Please check out the link if for no other reason than to view the highly effective and chilling illustration.

The basic gist of the article is to say that US drugs are becoming less safe as companies increasingly resort to nations in Eastern Europe, Africa and Asia to get their clinical trials done, for reasons that have nothing to do with good science and everything to do with profits. Some highlights:
  • The concept that is new to me, but reportedly well known to Pharma insiders, of "rescue countries." These are supposedly the counties that if you are having trouble finding evidence to persuade FDA to approve your company's drug, outsource your clinical trial to that country, and you can count on getting positive results that you can submit and gain approval. Examples: When the FDA approved the antibiotic Ketek, later shown to have huge safety problems, the decision was based heavily on trial results from Hungary, Morocco, Tunisia, and Turkey. This was shortly after a US trial physician from Alabama was sentenced to prison for falsifying 90 percent of her data.
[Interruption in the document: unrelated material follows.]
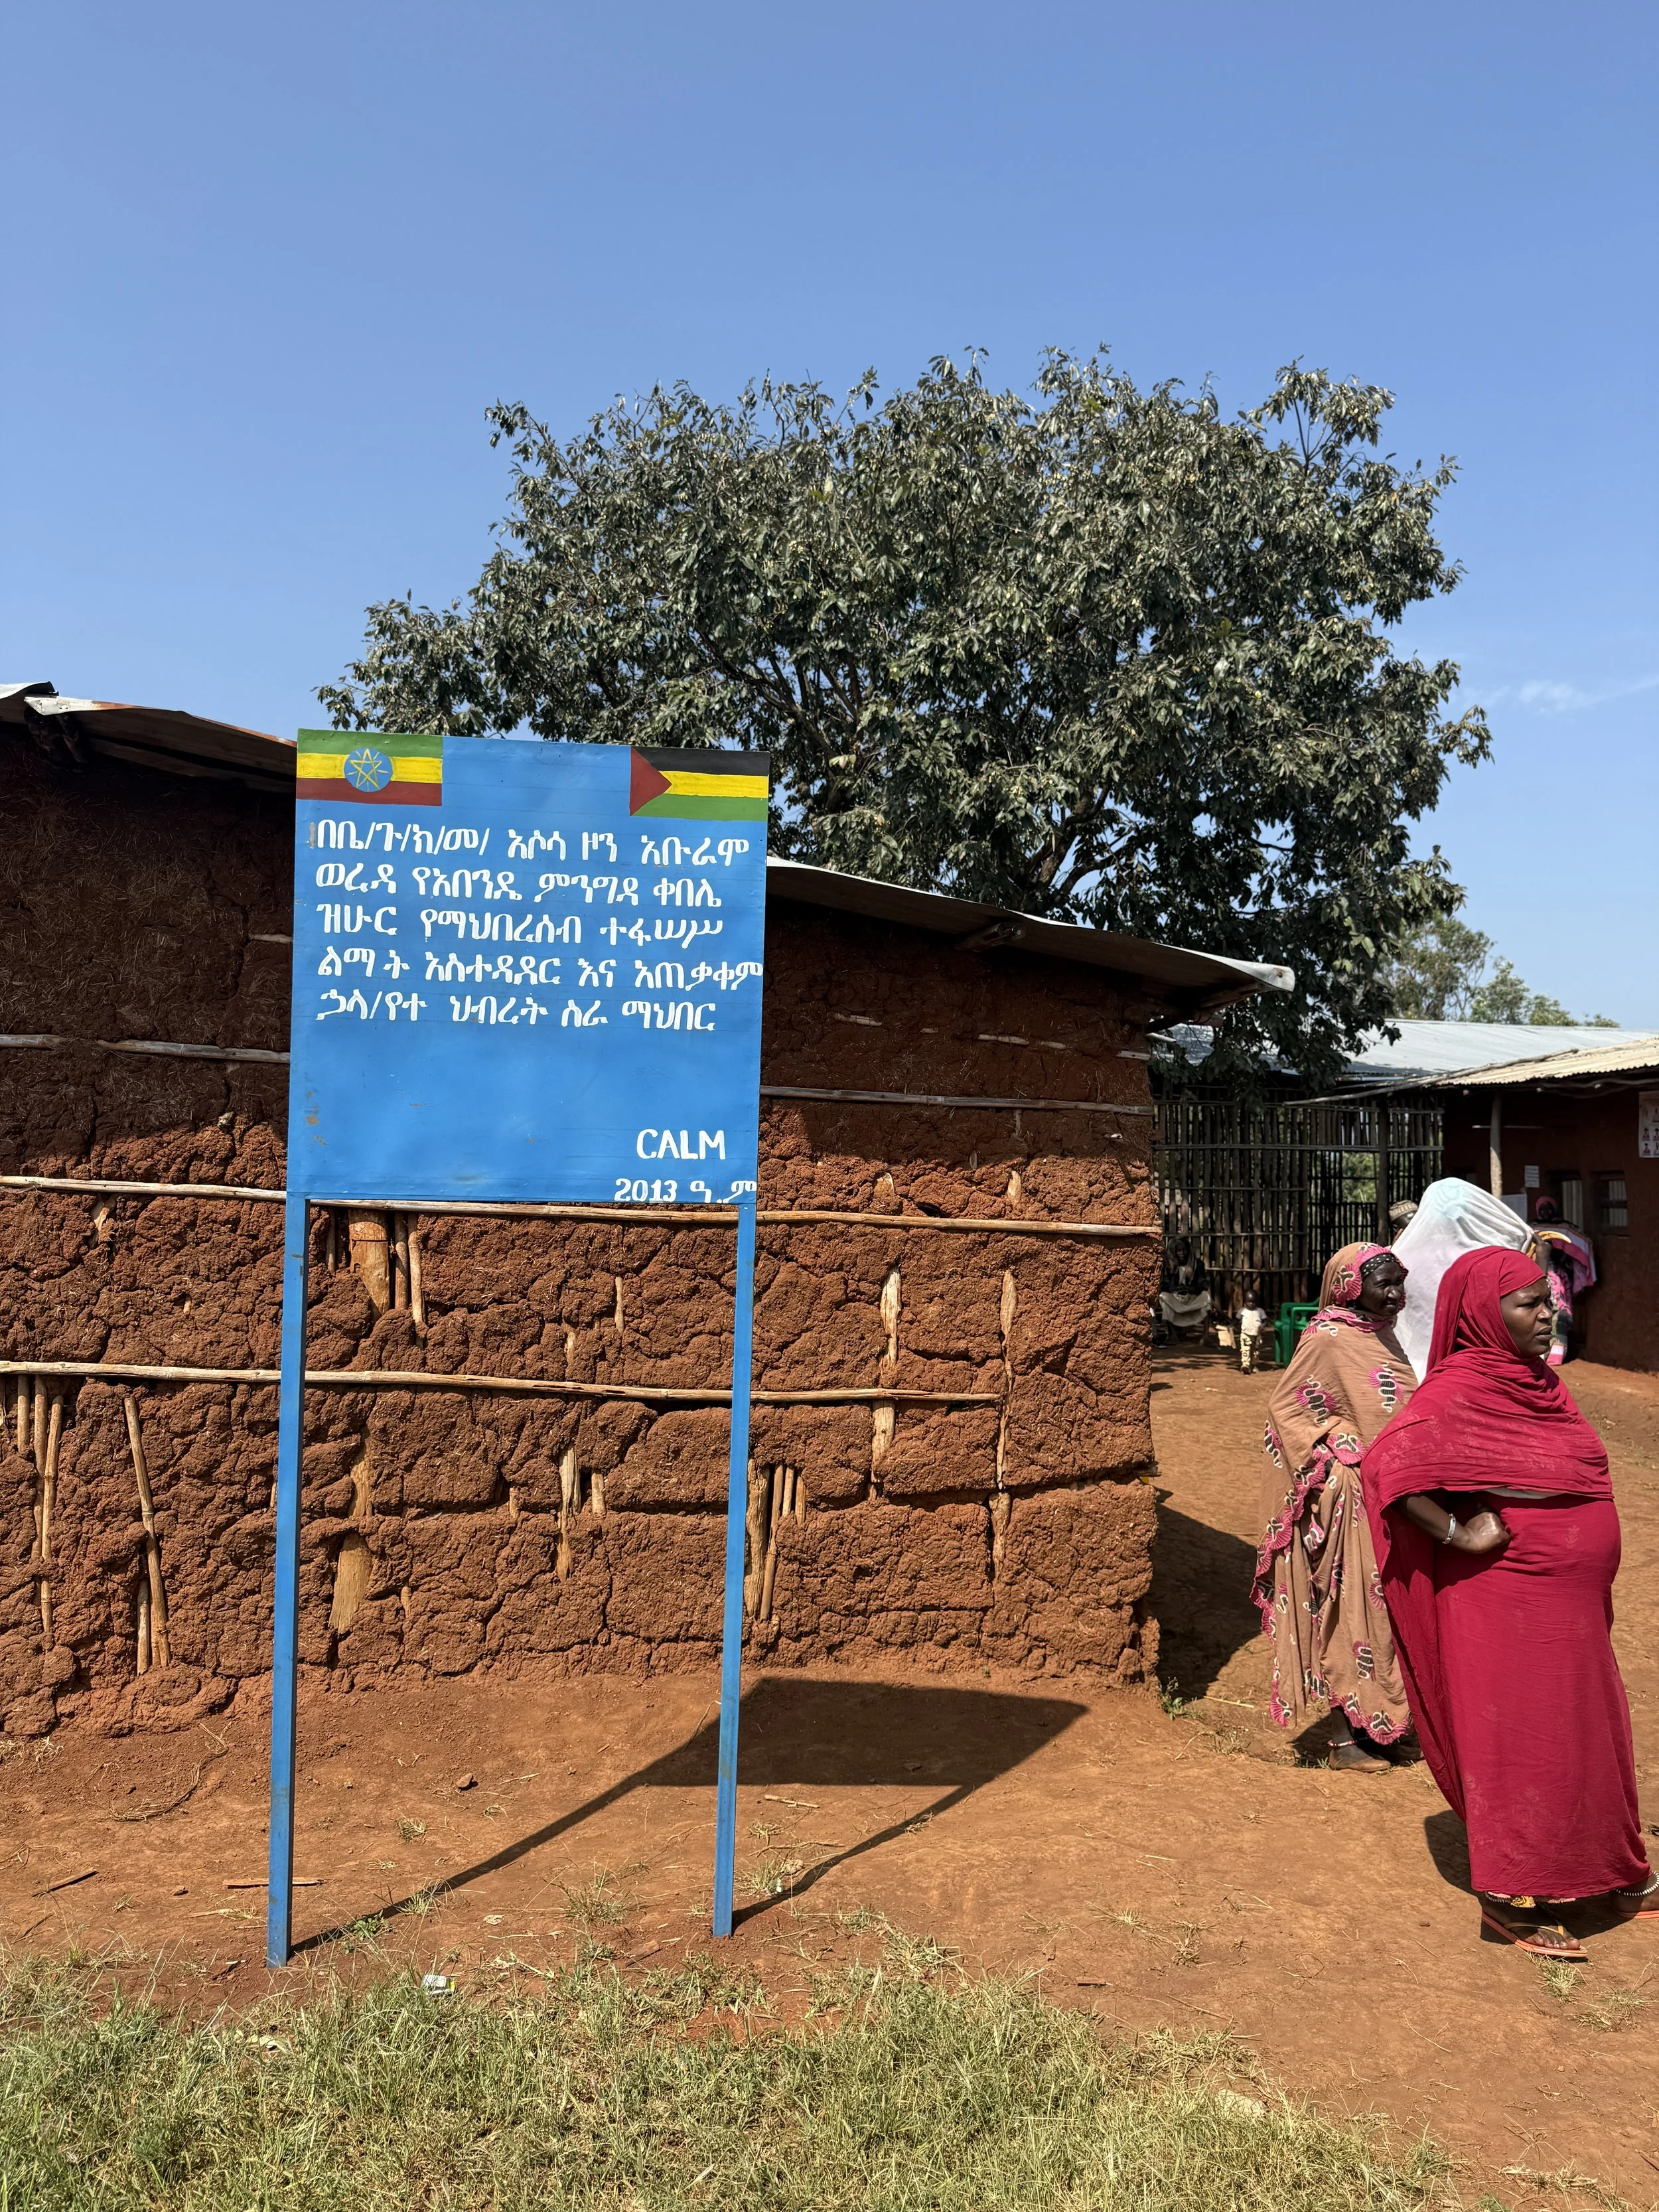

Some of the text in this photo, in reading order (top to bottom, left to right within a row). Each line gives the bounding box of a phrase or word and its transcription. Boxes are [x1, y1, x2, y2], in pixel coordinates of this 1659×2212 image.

  • Some of the worst examples of outsourcing causing harm to local populations occurs due to the pediatric exclusivity law, which had the good intention of creating incentives for drug companies to do more research on children to identify the best dose, etc. rather than simply trying to extrapolate adult data to kiddies. The problem has been that the reward for doing these pediatric trials--6 months' extra patent life--can be so lucrative that the companies do pediatric trials on drugs that never conceivably could have a pediatric use, just to get the extra 6 months of brand-name sales. At the All India Institute of Medical Sciences in New Delhi, 49 babies died over a 30-month period while being administered drugs in clinical trials for conditions like hypertension, which virtually never occurs in infants. The head of pediatrics at the Institute insisted that none of the deaths was due to a study medication--but if the practice there was similar to other trial sites, that guy was pocketing about $350 for every child enrolled in the trials.
  • Studies in foreign countries often take place with inadequate or absent consent and purely pro forma ethics committee review. Patients often believe that they are getting routine medical care, not participating in experiments. These ethical laxities (as well as the much lower personnel costs of running experiments in resource-poor nations) are partly what attract the for-profit contract research organizations overseas.

A while back I reported the statistic from Donald Light's book on the risks of prescription drugs ( that approximately 111,000 deaths annually in the US are caused by prescription drugs taken properly and as directed. Bartlett and Steele propose that the number of deaths due to unsafe prescription drugs is as high as 200,000 annually--their figures may differ due to Light's concern to restrict his statistic to drugs that are actually taken as prescribed rather than to medication errors, etc. Regardless of which figure you use, more people die of prescription drug use in the US than of many major diseases. It is high time that we frankly recognize that the financial incentives that currently control the drug industry research/marketing machine are making drugs less safe and less effective in a seriously widespread fashion. (That's the topic of a paper that Don Light and I have forthcoming in the American Journal of Public Health, which I hope to be able to blog about soon.)